These are the key concepts you need to understand to accurately answer the question.

Central Limit Theorem
The Central Limit Theorem (CLT) is a fundamental statistical concept that helps us understand sampling distributions, especially when the sample size is large. It states that the distribution of the sample mean will approximate a normal distribution as the sample size becomes large, regardless of the original population distribution's shape.

This theorem is particularly important when dealing with means of samples from different populations. Even if the original data is skewed or has a non-standard shape, the average of those data points tends to form a bell-shaped curve.
  • **Large sample sizes** (\( n \) > 30) generally result in a good approximation according to the CLT.
  • **Normal distribution approximation** is especially useful for hypothesis testing and confidence intervals.
  • CLT helps in predicting behaviors of sample mean, making statistical models more robust and reliable.
In the given exercise, since the sample sizes are 40 and 50, we can comfortably apply the Central Limit Theorem to assume a normal approximation of the sampling distribution.
Standard Error
The Standard Error (SE) is a measure of how much the sample mean is expected to fluctuate from the true population mean.
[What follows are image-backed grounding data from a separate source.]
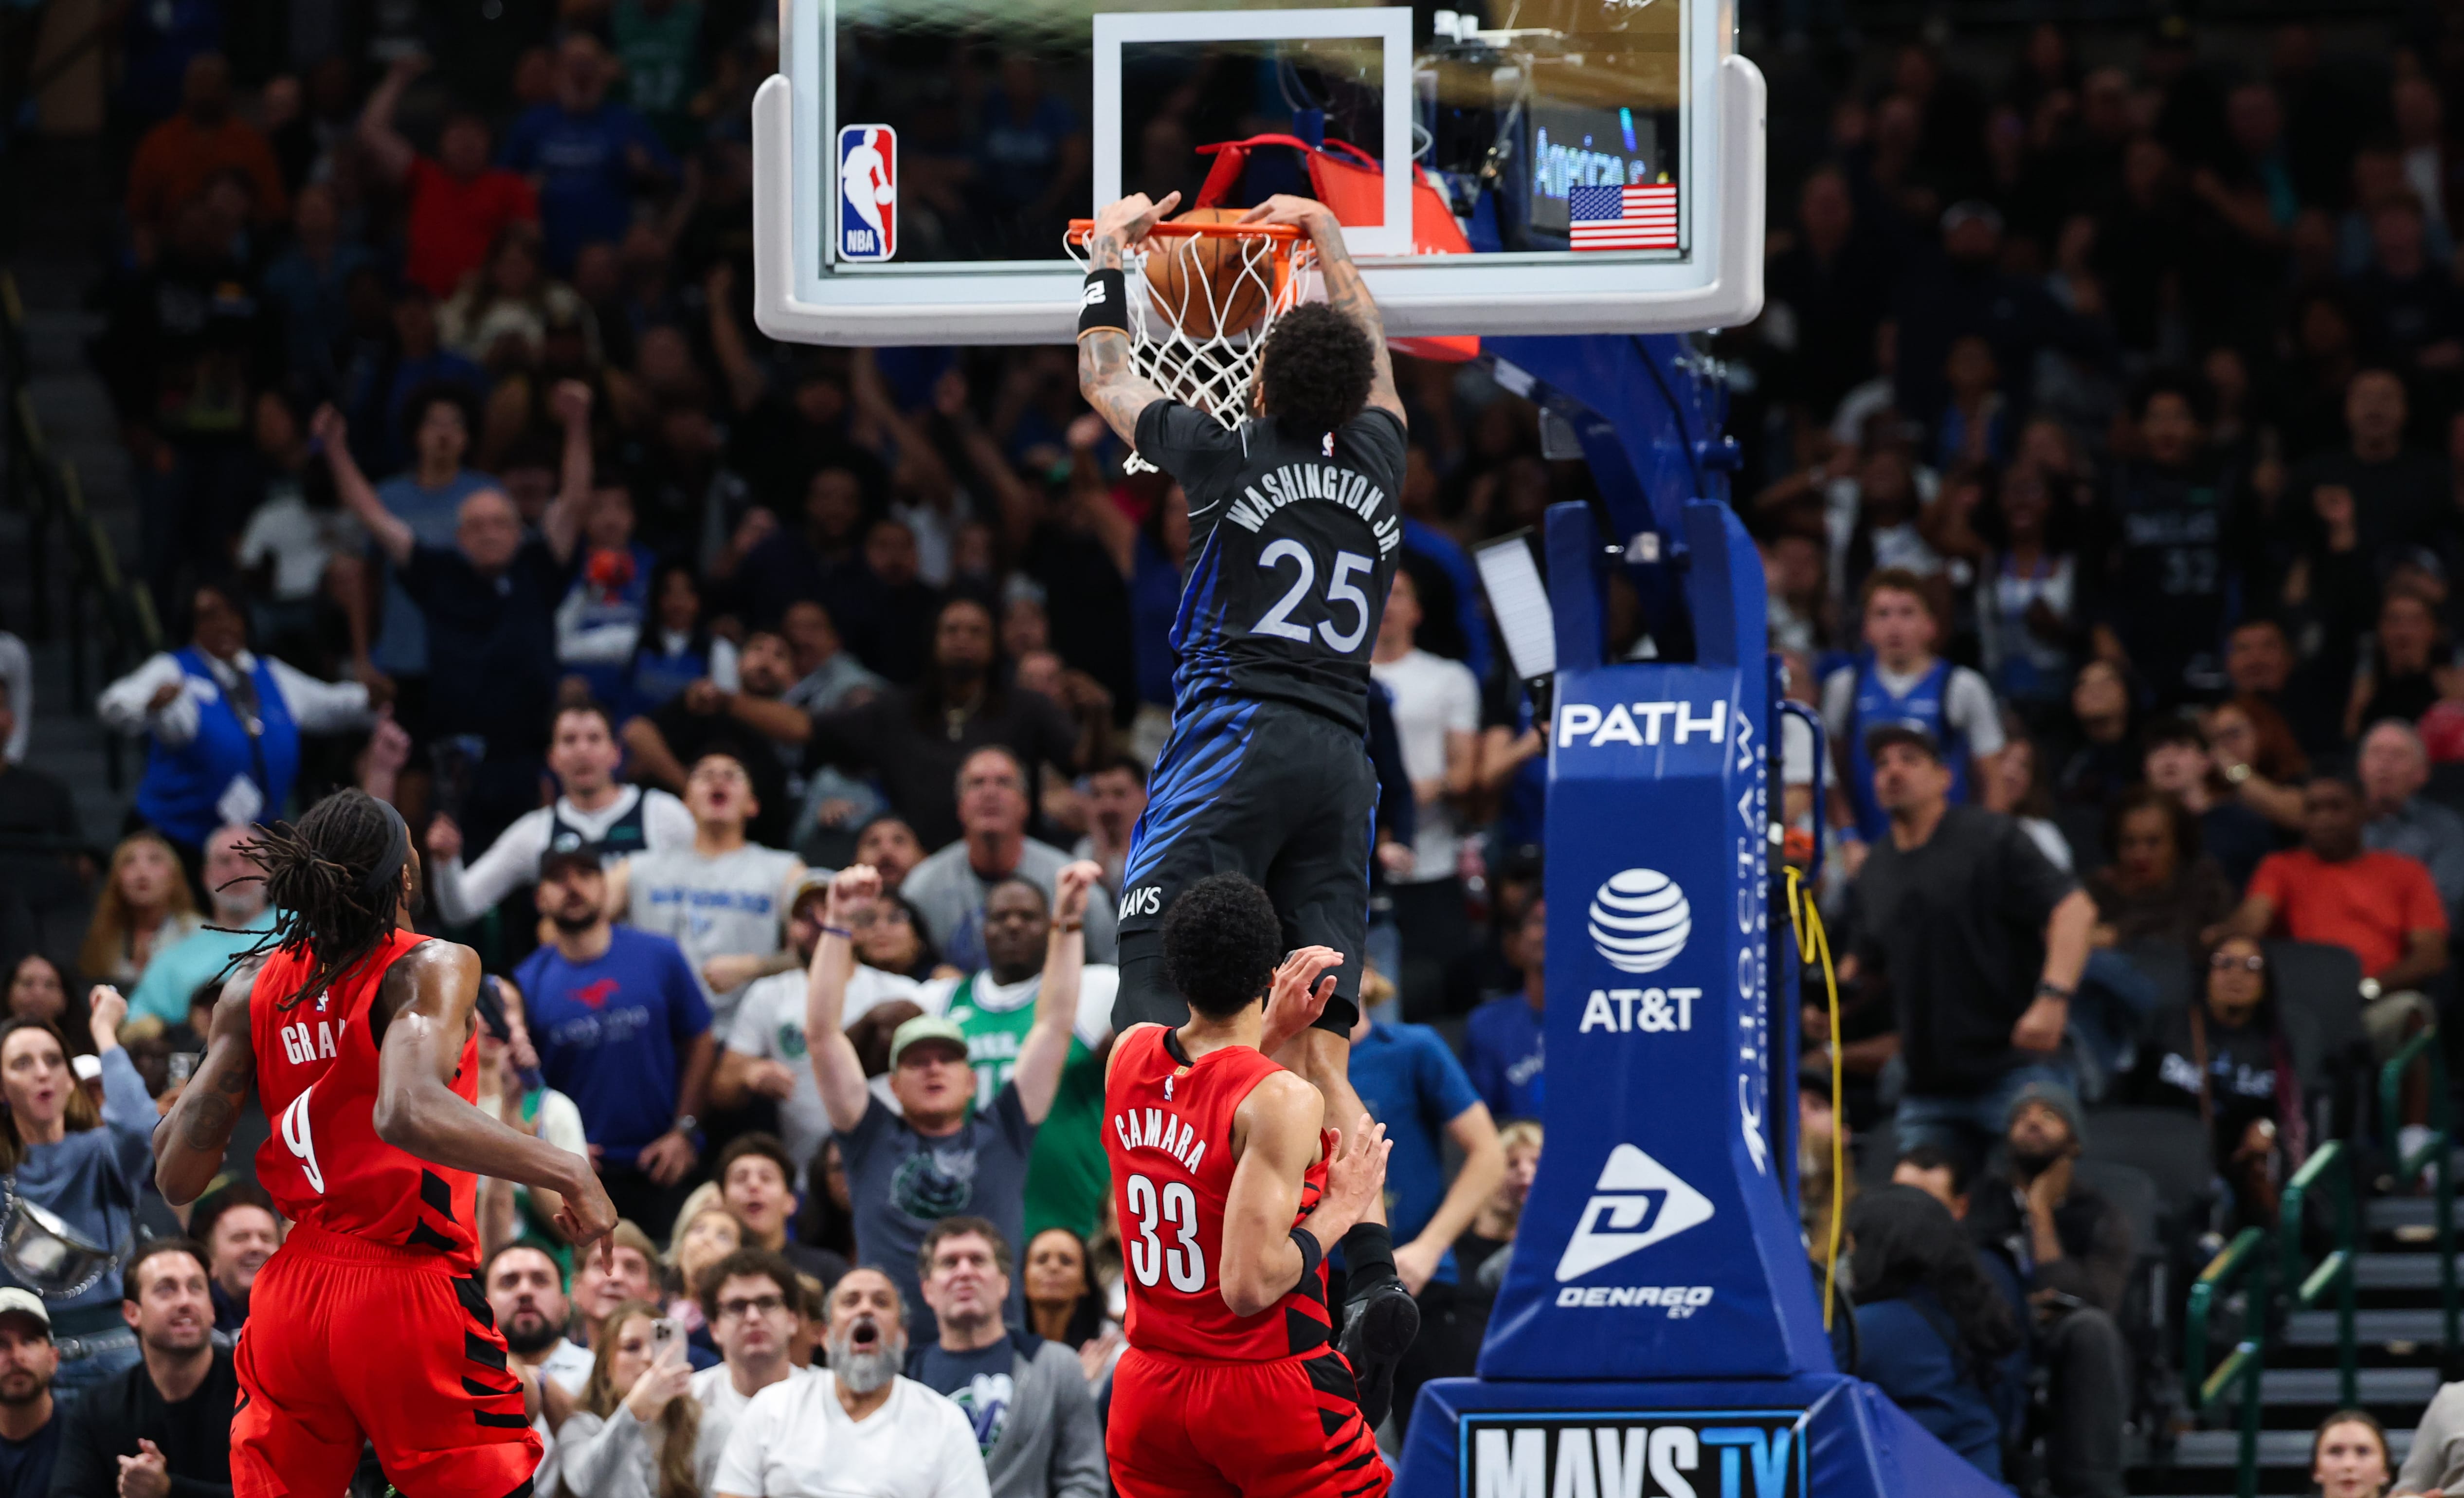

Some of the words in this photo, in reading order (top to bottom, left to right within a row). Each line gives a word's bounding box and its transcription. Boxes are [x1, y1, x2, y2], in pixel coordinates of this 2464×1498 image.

[847, 229, 875, 253] NBA
[1225, 463, 1385, 533] WASHINGTON
[1249, 538, 1375, 653] 25
[1558, 699, 1727, 748] PATH
[1737, 710, 1761, 1130] CHOCTAW
[1578, 986, 1703, 1034] AT&T
[281, 1085, 326, 1195] 9
[1114, 1107, 1207, 1175] CAMARA
[1126, 1172, 1207, 1294] 33
[1555, 1286, 1715, 1308] DENAGO
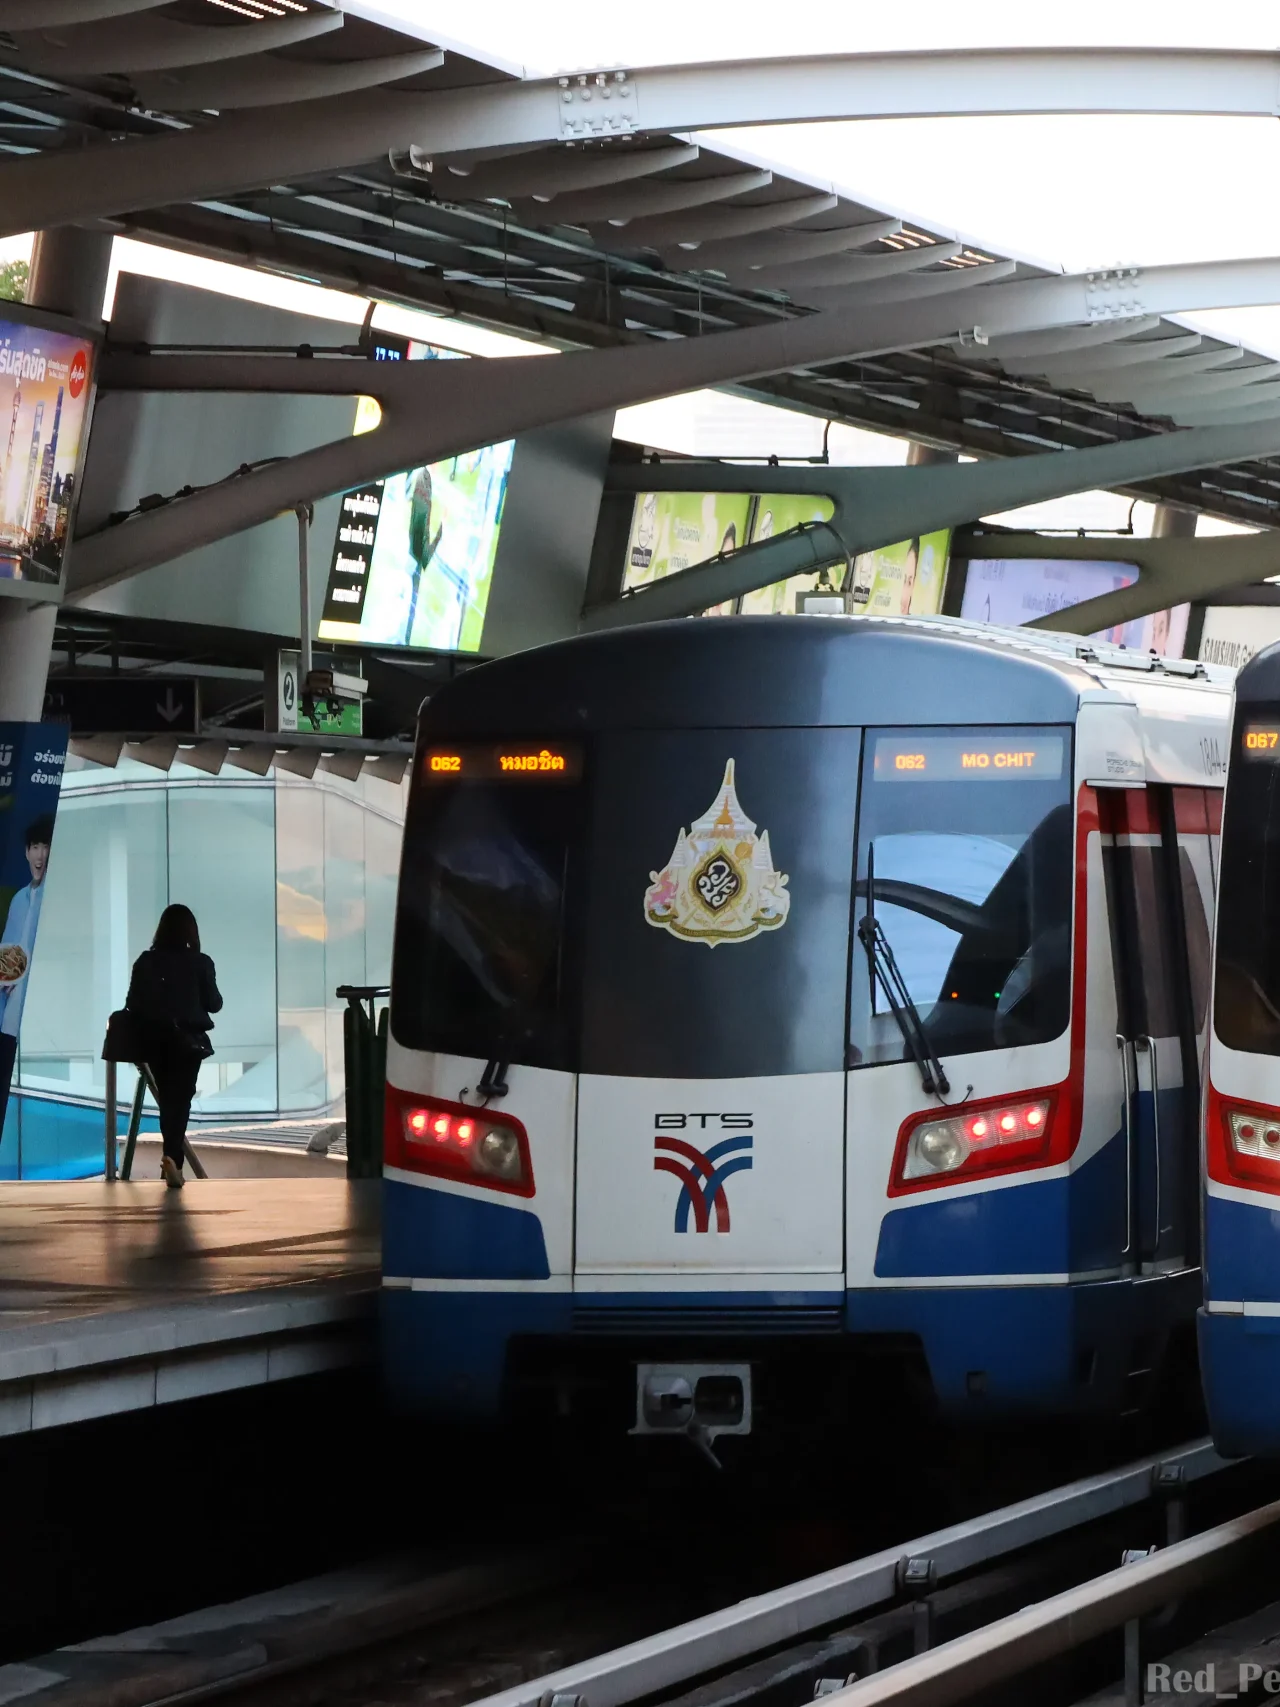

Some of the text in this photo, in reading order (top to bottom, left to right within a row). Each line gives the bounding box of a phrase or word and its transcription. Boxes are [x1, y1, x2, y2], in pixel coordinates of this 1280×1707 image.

[1203, 637, 1241, 668] SAMSUNG
[1246, 732, 1279, 749] 067
[430, 749, 565, 771] 062 หมอชิต
[895, 752, 1037, 770] 062 MO CHIT
[654, 1113, 753, 1130] BTS
It's basically the standard deviation of the sample mean distribution.

For the task at hand, the standard error of the difference between two sample means (\( \bar{x}_{1} - \bar{x}_{2} \)) is calculated using the formula: \[ SE = \sqrt{ \frac{\sigma_{1}^2}{n_{1}} + \frac{\sigma_{2}^2}{n_{2}} } \]
  • **Variance components**: each population's variance (\( \sigma^2 \)) is divided by its respective sample size (\( n \)).
  • **Square root**: square root of the sum of these values gives the standard error, indicating spread.
For the two samples in the exercise, substituting the given values provides an SE of approximately 0.61. This implies that the mean difference (\( \bar{x}_{1} - \bar{x}_{2} \)) is expected to deviate around 0.61 units from the expected difference in population means.
Expected Value
In statistics, the Expected Value (EV) is what you expect to get as the average outcome, based on probability. When considering the expected value for the sample mean, it reflects an anticipation of where the center of the distribution of the sample mean will lie.

In the context of our problem, calculating the expected value of (\( \bar{x}_{1} - \bar{x}_{2} \)) involves subtracting population means:
Expected Value = \( \mu_{1} - \mu_{2} \)
  • The difference (30 - 25 in this case) gives us an EV of 5.
  • **Center of distribution**: this EV indicates where the center of the sampling distribution of the differences will most likely occur.
Understanding the expected value ensures that students can interpret the main tendency or average performance of the phenomenon being studied.
Normal Distribution
The Normal Distribution is a continuous probability distribution that is symmetric around its mean, showing that data near the mean are more frequent in occurrence than data far from the mean.

This distribution is represented by a bell-shaped curve and is defined by two parameters: the mean (\( \mu \)) and the standard deviation (\( \sigma \)). In many natural phenomena, the normal distribution is key due to the central limit theorem.
  • **Mean and standard deviation**: fully describe the curve.
  • **Real-world application**: Many statistical tests are based on the assumption of normality due to its properties.
  • **Probability and predictability**: The properties of the normal distribution allow statisticians to predict probabilities and conduct meaningful analyses.
In the exercise, the sampling distribution being approximately normal means we can use it for making reliable inferences, thanks to the sample size and the central limit theorem.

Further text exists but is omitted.